Bild: »Ich bin Journalistin, weil ich nichts anderes kann«: Botschaft auf der…
Anna Mayr, 30, hat ein Buch mit dem Titel Geld spielt keine Rolle
geschrieben, in dem sie ihren Assimilationsprozess in die
bürgerlich-solvente Mittelschicht beschreibt. Mayr wuchs mit zu wenig Geld
auf, nun ist sie Zeit-Redakteurin, kauft ein Sofa für 2.000 Euro, trinkt
Aperol Spritz für 15 Euro und versucht damit klarzukommen, »Teil dieser
Verlogenheit« zu sein, dass sie den Wohlstand ihrer Leistung zu verdanken
habe.
taz FUTURZWEI: Frau Mayr, was ist das Problem mit Trüffel-Pizza,
Eames-Vitra-Stühlen und Bugaboo-Kinderwägen?
Anna Mayr: Eames-Vitra-Stühle kenne ich, ehrlich gesagt, noch nicht, aber
ich habe natürlich direkt Lust, sie kennenzulernen — ein gesellschaftliches
Problem gibt es damit nicht. Aber: Als ich vor ein paar Jahren bei uns
durch die Straße gegangen bin und die Wohnungen mit den bodentiefen
Fenstern das Licht anhatten, habe ich zu meinem Mann gesagt: »Die haben ja
alle die gleichen Lampen und Sofas wie wir.« Die meisten Leute haben,
glaube ich, gar keinen Geschmack. Man kauft nicht die Möbel, die man schön
findet, sondern die, die zum eigenen Milieu passen.
Sind Menschen mit viel Geld Ihnen unsympathisch?
Ich würde so nie pauschal über eine Gruppe von Menschen urteilen. Ich kann
nur beschreiben, wie sie im gesellschaftlichen Gefüge dastehen. Studien
zeigen, dass viel Geld zu unsolidarischem Umgang damit führt. Geld macht
schäbig. Menschen mit viel Geld entscheiden sich im Zweifel dafür, darauf
zu sitzen, anstatt es abzugeben, und wählen Parteien, die ihnen
versprechen, dass sie all ihr Geld behalten dürfen. Natürlich ist das
egoistisch, aber das sind wir alle.
Sie beschäftigten und bezahlten eine Katzen-Therapeutin für 225 Euro. Ist
das okay, weil Sie etwas geleistet haben?
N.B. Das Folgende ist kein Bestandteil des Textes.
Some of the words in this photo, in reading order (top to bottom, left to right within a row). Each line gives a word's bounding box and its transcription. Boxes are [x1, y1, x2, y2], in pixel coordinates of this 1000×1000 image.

Es gibt keine Leistung. Das ist ein Satz, den ich immer gerne sage, aber
ich weiß nicht, ob er ganz wahr ist. Wir alle tragen mehr oder weniger
Fähigkeiten, Talente, Traumata mit uns herum. Wir sind in verschiedenen
Lebensphasen mehr oder weniger resilient. Ich hatte oft genug die
Möglichkeit, gesundheitlich, intellektuell, mich so zu verhalten, dass es
für mich am Ende ökonomisch profitabel war. Gleichzeitig würde ich mir
gerne einreden, dass ich viel geleistet habe. Dann hätte die Welt einen
Anflug von Gerechtigkeit.
In diesem Gerechtigkeitsverständnis wäre Verdienst an Leistung gekoppelt?
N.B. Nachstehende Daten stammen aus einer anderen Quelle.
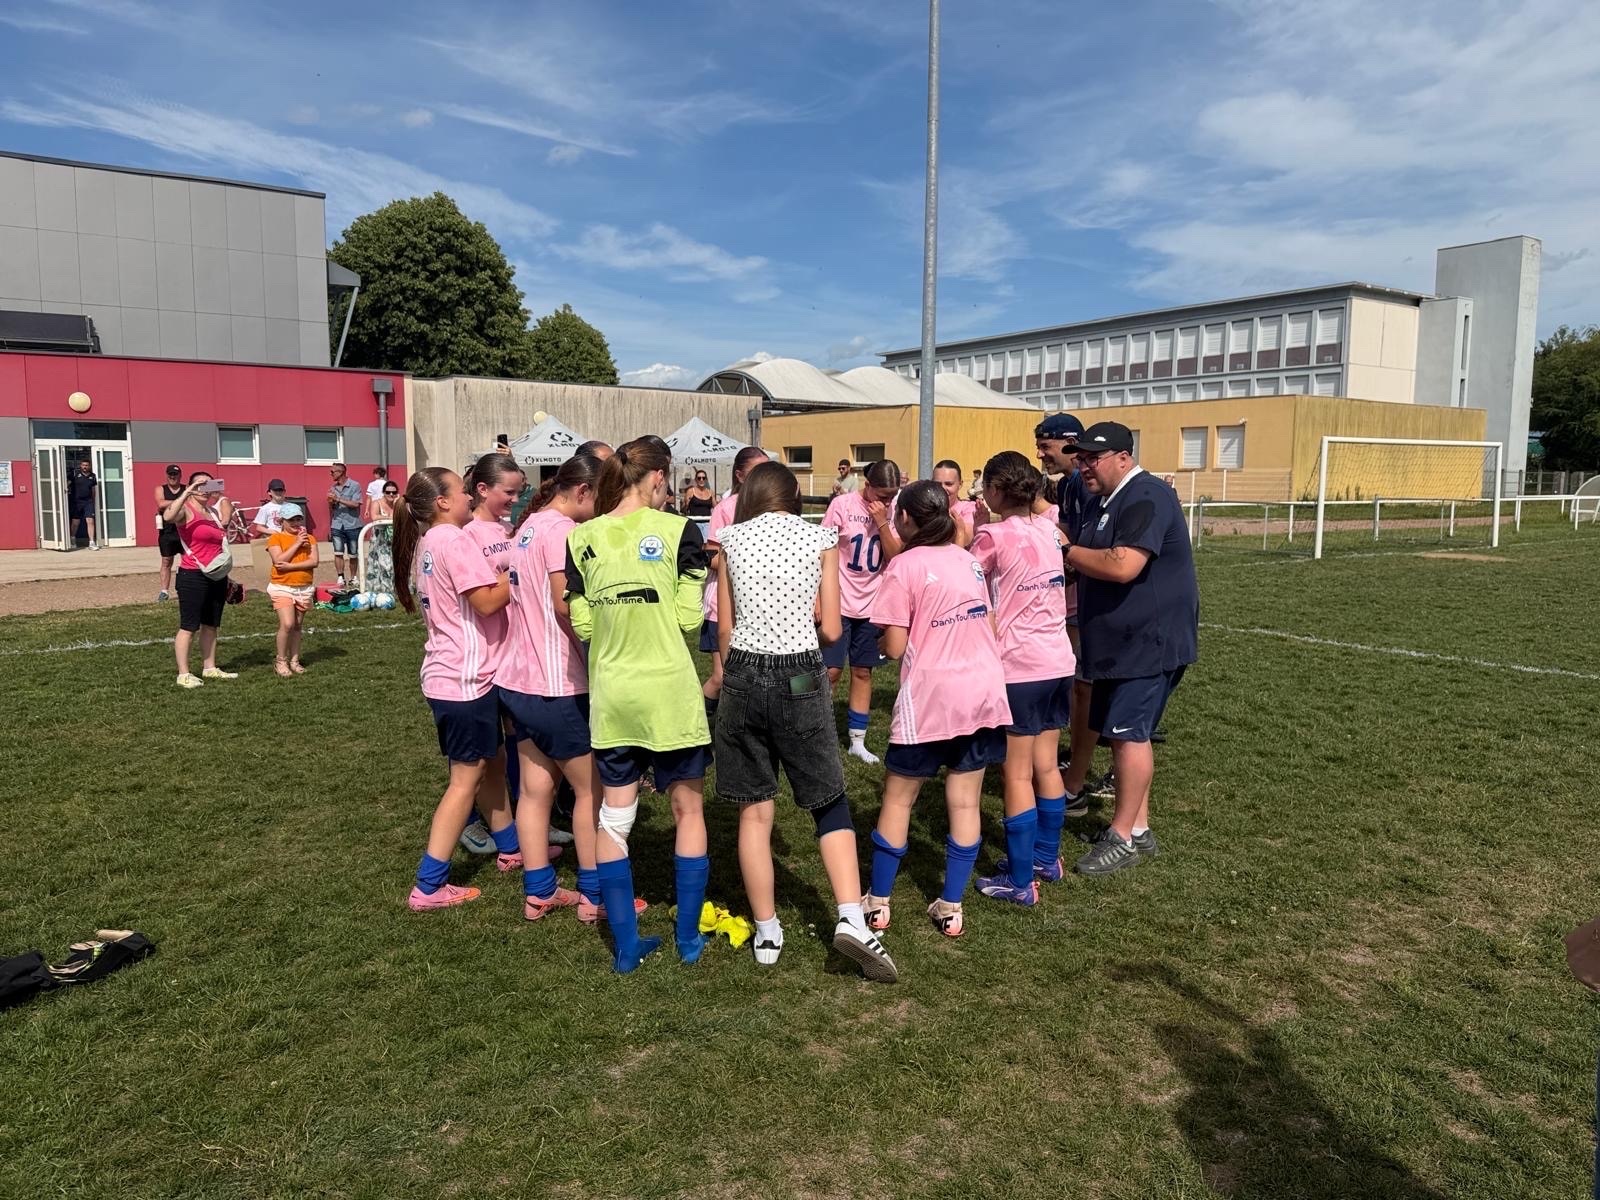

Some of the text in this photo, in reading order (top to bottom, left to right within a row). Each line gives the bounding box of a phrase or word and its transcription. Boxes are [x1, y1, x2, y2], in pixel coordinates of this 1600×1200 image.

[701, 445, 737, 453] XLMOTO
[847, 533, 884, 573] 10
[1016, 583, 1040, 592] Danh
[603, 597, 643, 606] Tourisme
[931, 617, 956, 628] Danh
Die beiden haben nichts miteinander zu tun. In den meisten Unternehmen in
Deutschland steigen die Einkünfte, je älter eine angestellte Person wird.
Dabei sind es die am unteren Ende der Nahrungskette, die sich am meisten
reinhängen müssen.
Was bringt es, als Salonlinke, wie Sie sich selbst mittlerweile bezeichnen,
Ihre Privilegien zu reflektieren?
Gar nichts. Das hat meistens keine Folgen. Wenn ich meine Privilegien
hinterfrage, bringt das niemand anderem mehr Privilegien.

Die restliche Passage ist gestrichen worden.